#### RECORDS PROVIDED:
== Segment start ==
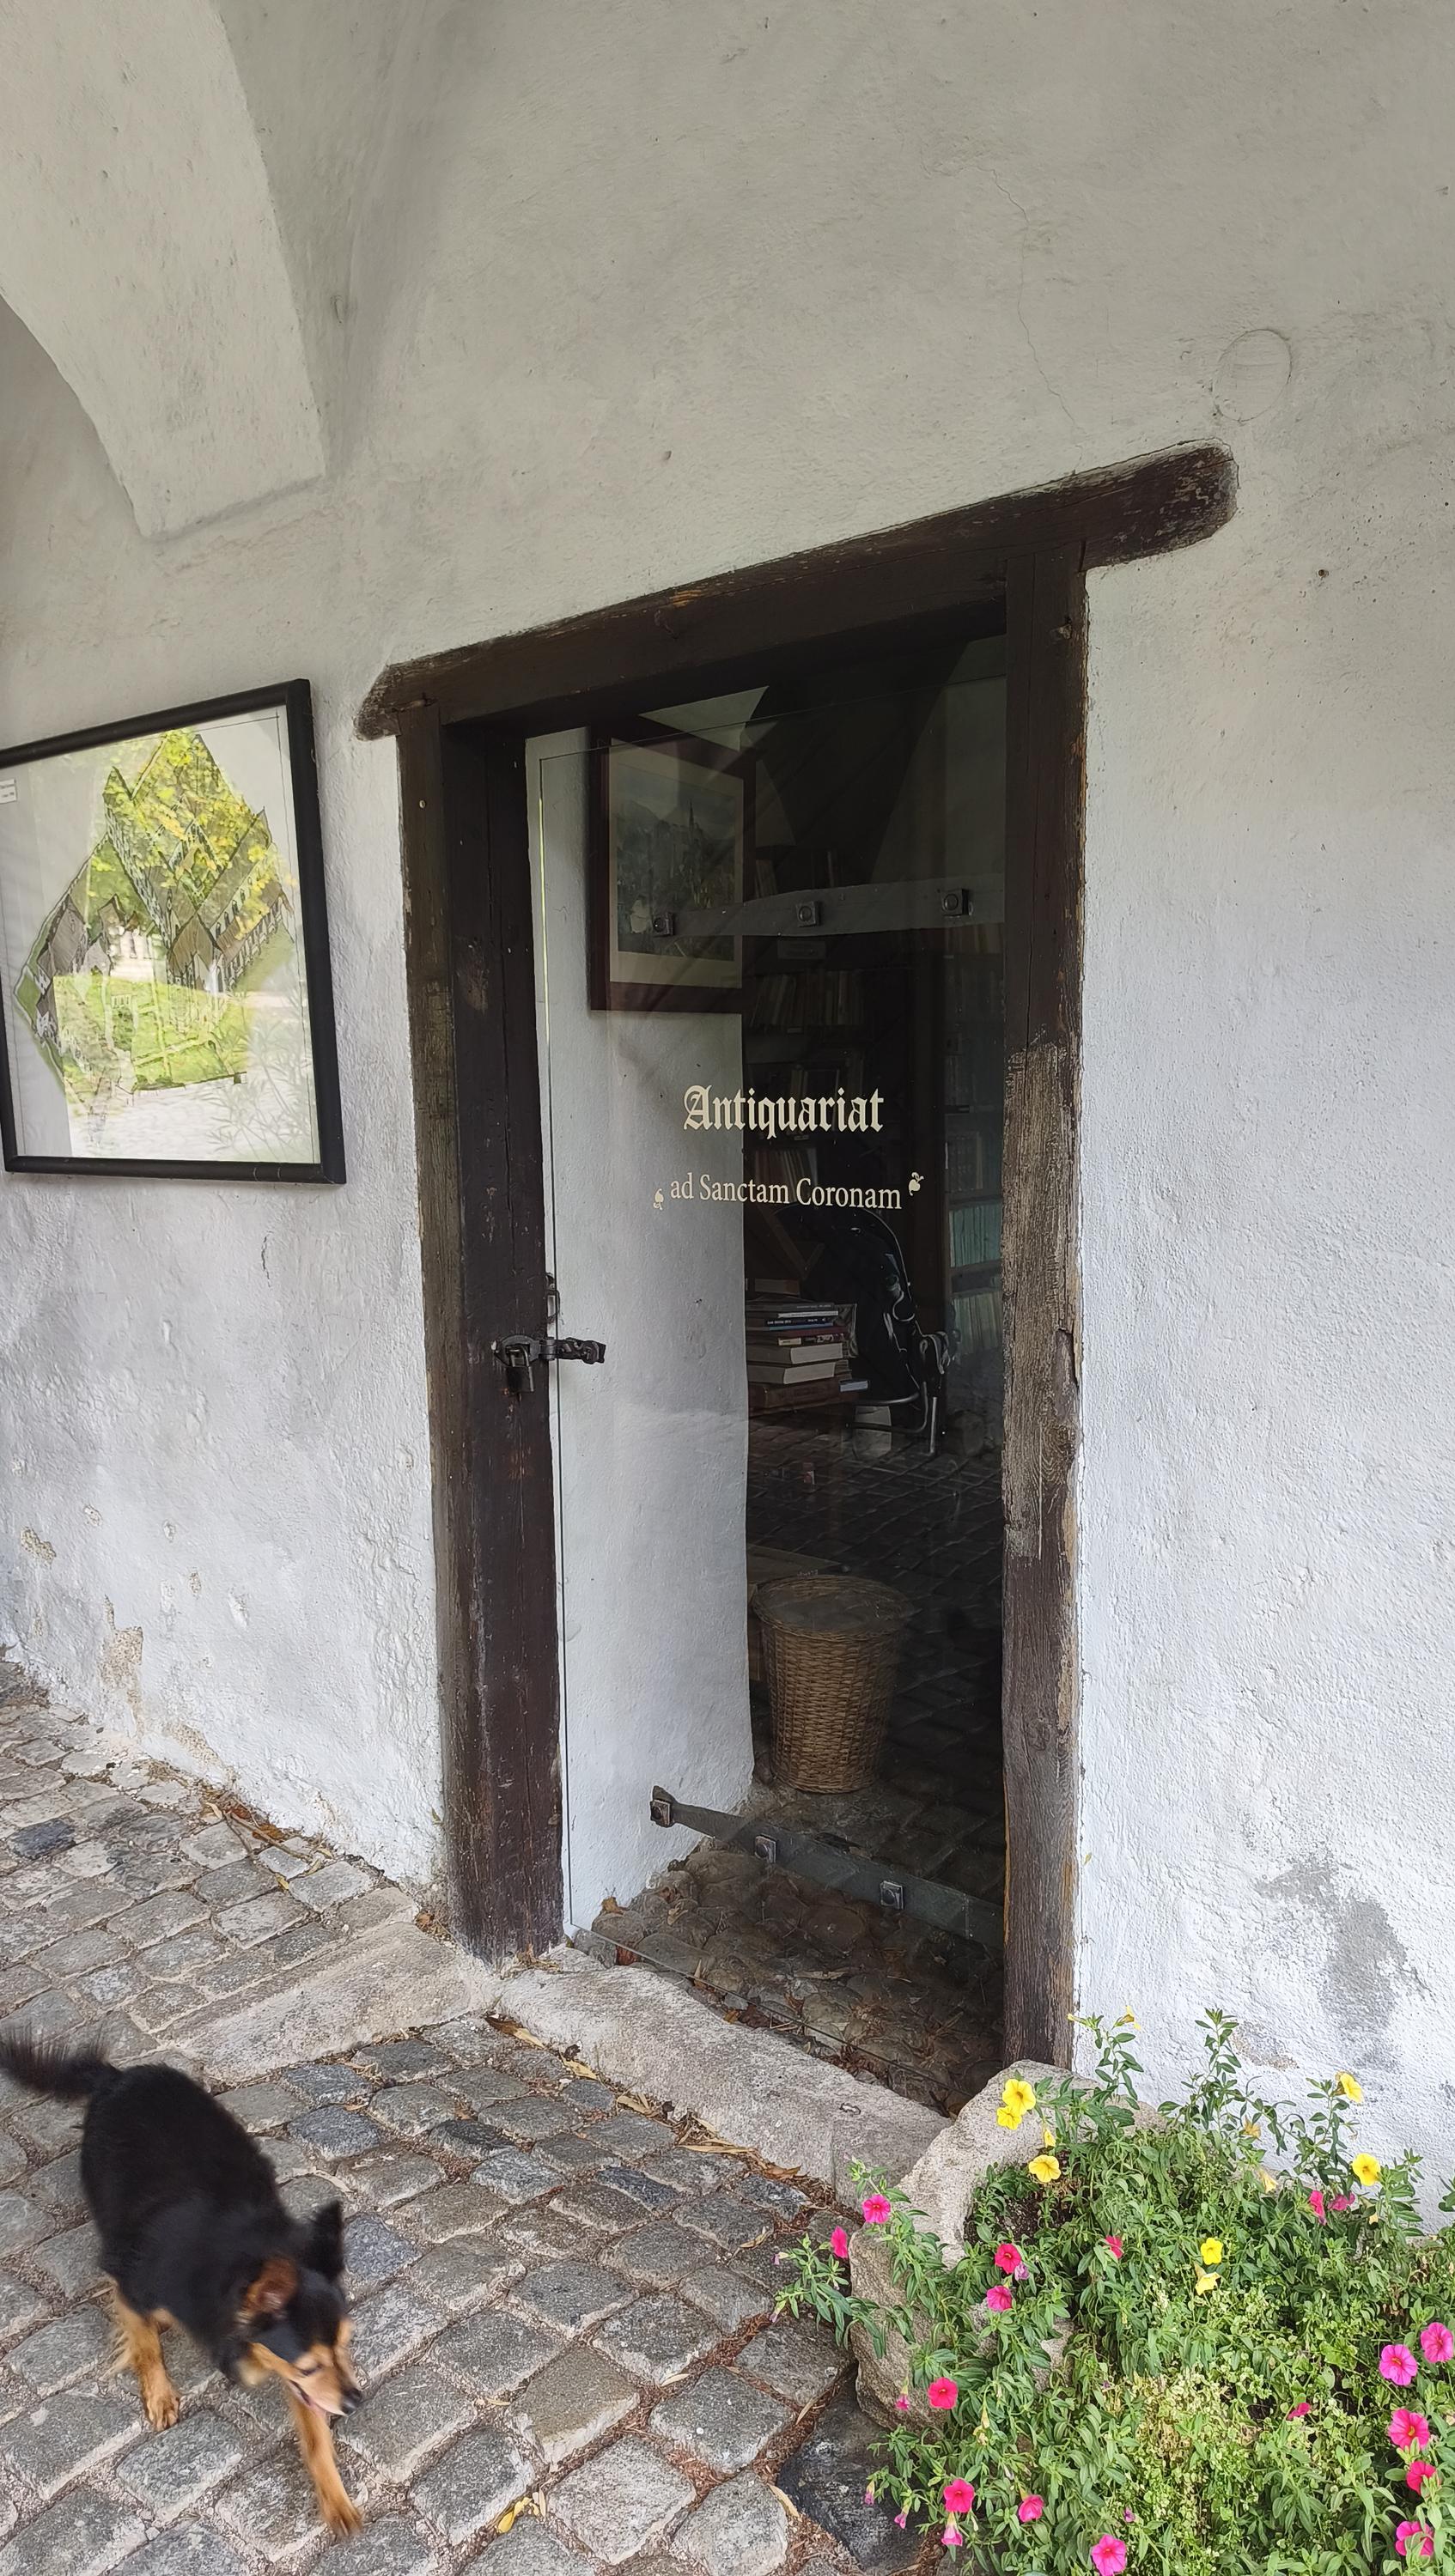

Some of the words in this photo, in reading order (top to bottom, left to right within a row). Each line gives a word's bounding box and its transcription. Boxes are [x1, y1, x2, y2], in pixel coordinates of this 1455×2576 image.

[683, 1084, 884, 1139] Antiquariat
[671, 1172, 693, 1200] ad
[699, 1174, 790, 1204] Sanctam
[796, 1178, 902, 1210] Coronam
== Segment end ==
#### TASK OBJECTIVE:
Copy every line of the records exactly as it is written, but not the pictures.

#### ANSWER FOR THIS EXERCISE:
Some of the words in this photo, in reading order (top to bottom, left to right within a row). Each line gives a word's bounding box and its transcription. Boxes are [x1, y1, x2, y2], in pixel coordinates of this 1455×2576 image.

[683, 1084, 884, 1139] Antiquariat
[671, 1172, 693, 1200] ad
[699, 1174, 790, 1204] Sanctam
[796, 1178, 902, 1210] Coronam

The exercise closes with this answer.